Praxis-Beispiele: Annehmlic... / 3 Tank-/Warengutschein
 

Sachverhalt

Ein Arbeitgeber möchte seinen Mitarbeitern anstelle einer Prämie monatlich einen Tankgutschein zur Verfügung zu stellen.

Wie muss der Gutschein ausgestellt sein, damit er für den Mitarbeiter keinen lohnsteuer- und sozialversicherungspflichtigen Arbeitslohn darstellt?

Lösung

Sachbezüge bis zu einer Freigrenze von 44 EUR monatlich, die nicht in Geld bestehen, bleiben lohnsteuer- und sozialversicherungsfrei. Der Arbeitgeber darf dem Arbeitnehmer einen Gutschein mit einem ausgewiesenen Geldbetrag zum Erwerb einer Sachleistung beim Aussteller des Gutscheins oder einem begrenzten Kreis von Akzeptanzstellen überlassen.
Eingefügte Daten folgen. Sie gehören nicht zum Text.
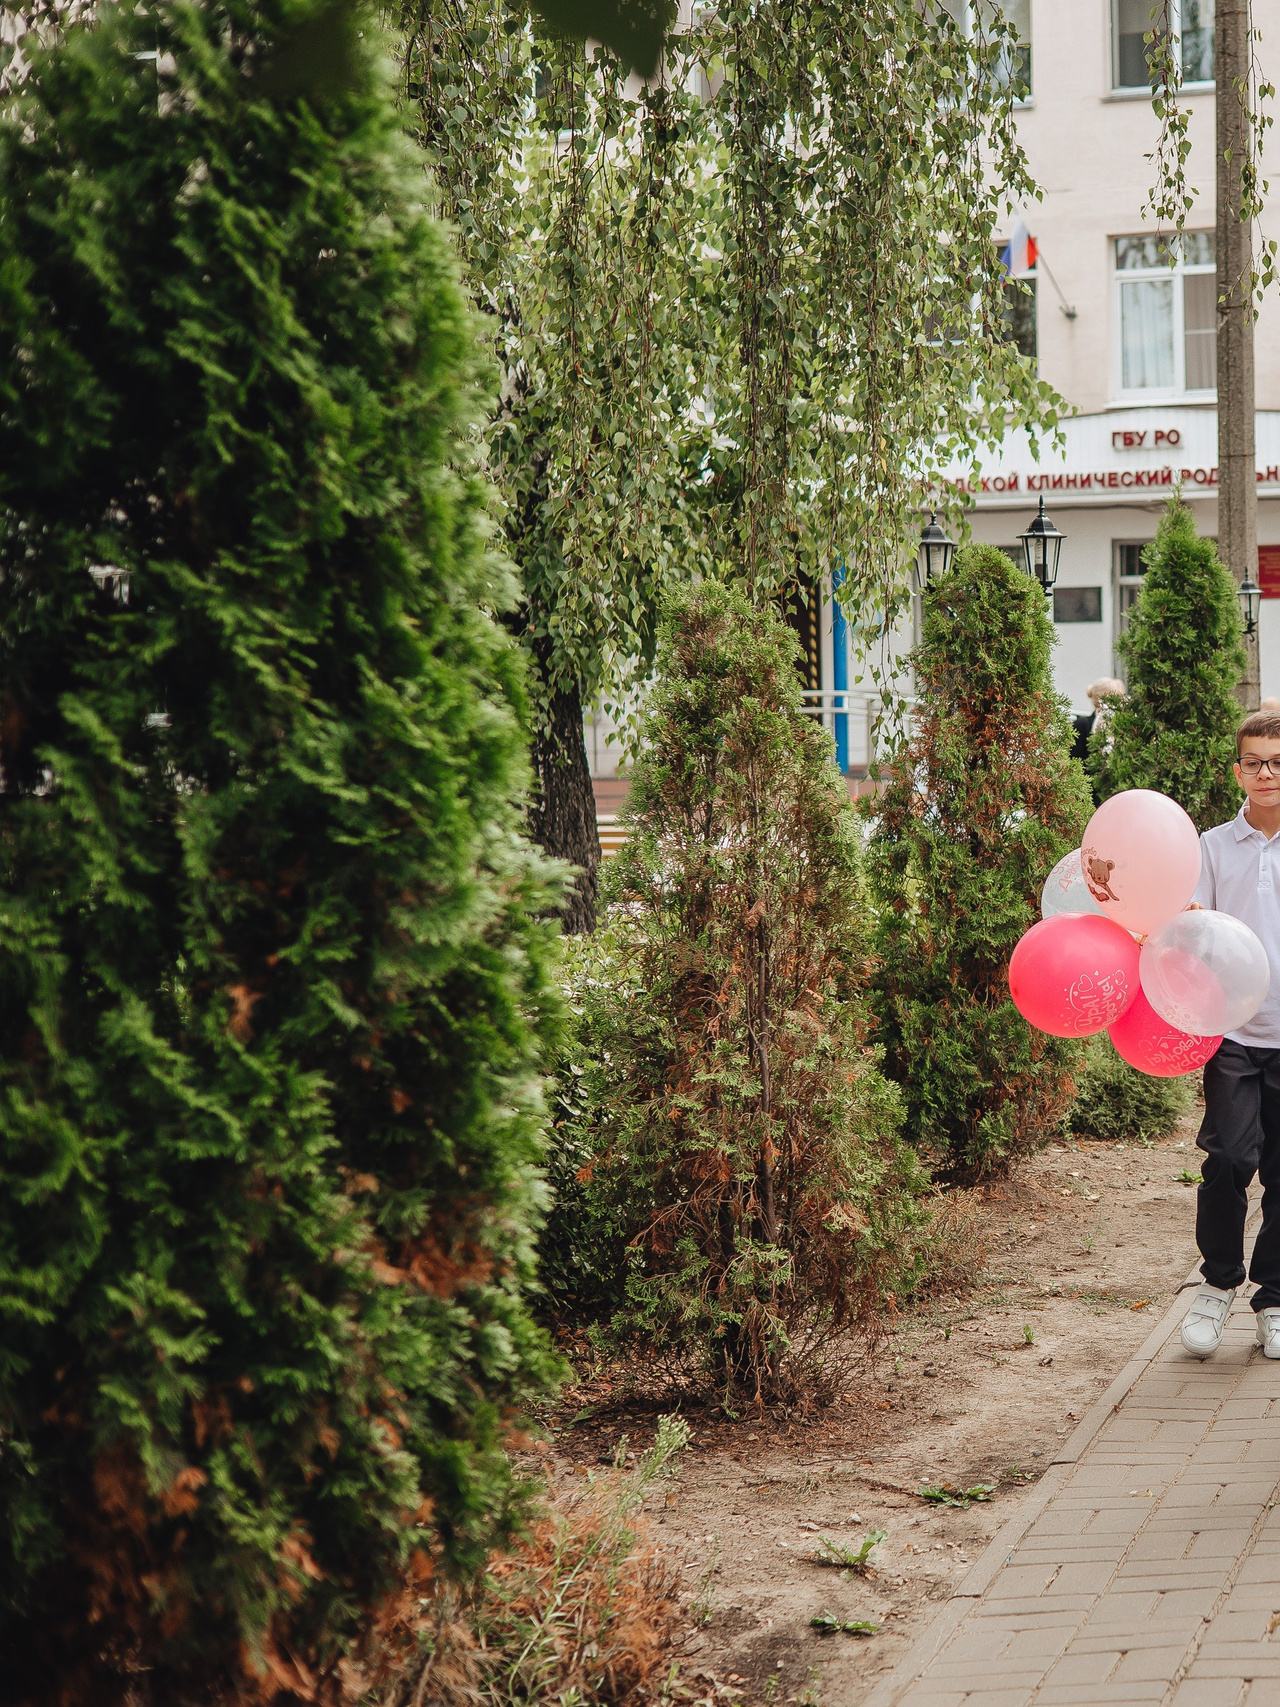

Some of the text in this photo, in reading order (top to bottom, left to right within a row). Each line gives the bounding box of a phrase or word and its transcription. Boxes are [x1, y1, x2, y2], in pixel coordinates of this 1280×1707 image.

Es bestehen folgende Möglichkeiten:

  • Der Arbeitgeber händigt dem Arbeitnehmer einen Gutschein über höchstens 44 EUR aus. Die Tankstelle rechnet anschließend mit dem Arbeitgeber ab.
  • Der Arbeitgeber überlässt dem Arbeitnehmer eine Tankkarte; mit dieser darf der Arbeitnehmer bei einer bestimmten Tankstelle für monatlich höchstens 44 EUR tanken.
  • Die Gutscheine können natürlich auch zum Erwerb von anderen Waren ausgegeben werden. Der Arbeitgeber kann Gutscheine im Einzelhandel für maximal 44 EUR erwerben und an die Arbeitnehmer ausgeben.
  • Der Arbeitgeber kann den Arbeitnehmern monatlich mit max. 44 EUR aufladbare Gutscheinkarten als Closed-Loop-Karten für konkrete Einzelhandelsgeschäfte oder Controlled-Loop-Karten (z. B. Centergutscheine für einen begrenzten Kreis von Akzeptanzpartnern) überlassen.

Achtung

Seit dem 1.1.2020 gilt zudem eine neue gesetzliche Definition für die Behandlung von Gutscheinen als Sachbezug. Danach zählen – abweichend von der Regelung bis 2019 – zu den Geldleistungen auch nachträgliche Kostenerstattungen, zweckgebundene Geldleistungen, Geldsurrogate und andere Vorteile, die auf einen Geldbetrag lauten. Gutscheine und Geldkarten gelten ab 2020 nur noch als Sachbezug, wenn

  1. ausschließlich ein Waren- und Dienstleistungsbezug möglich ist,
  2. die Kriterien des Zahlungsdiensteaufsichtsgesetzes erfüllt sind ("keine Zahlungsdienste") und
  3. das sog. Zusätzlichkeitserfordernis erfüllt ist.

Praxis-Tipp

Der Arbeitgeber sollte bei der Ausgabe von Gutscheinen weiterhin darauf achten, dass diese auf jeden Fall monatlich ausgegeben werden. Es sollte außerdem darauf geachtet werden, ob der Arbeitnehmer weitere Sachbezüge vom Arbeitgeber erhält, z. B. ein zinsbegünstigtes Darlehen. Bei der 44-EUR-Grenze handelt es sich um eine monatliche Freigrenze, die insgesamt pro Arbeitnehmer nicht überschritten werden darf.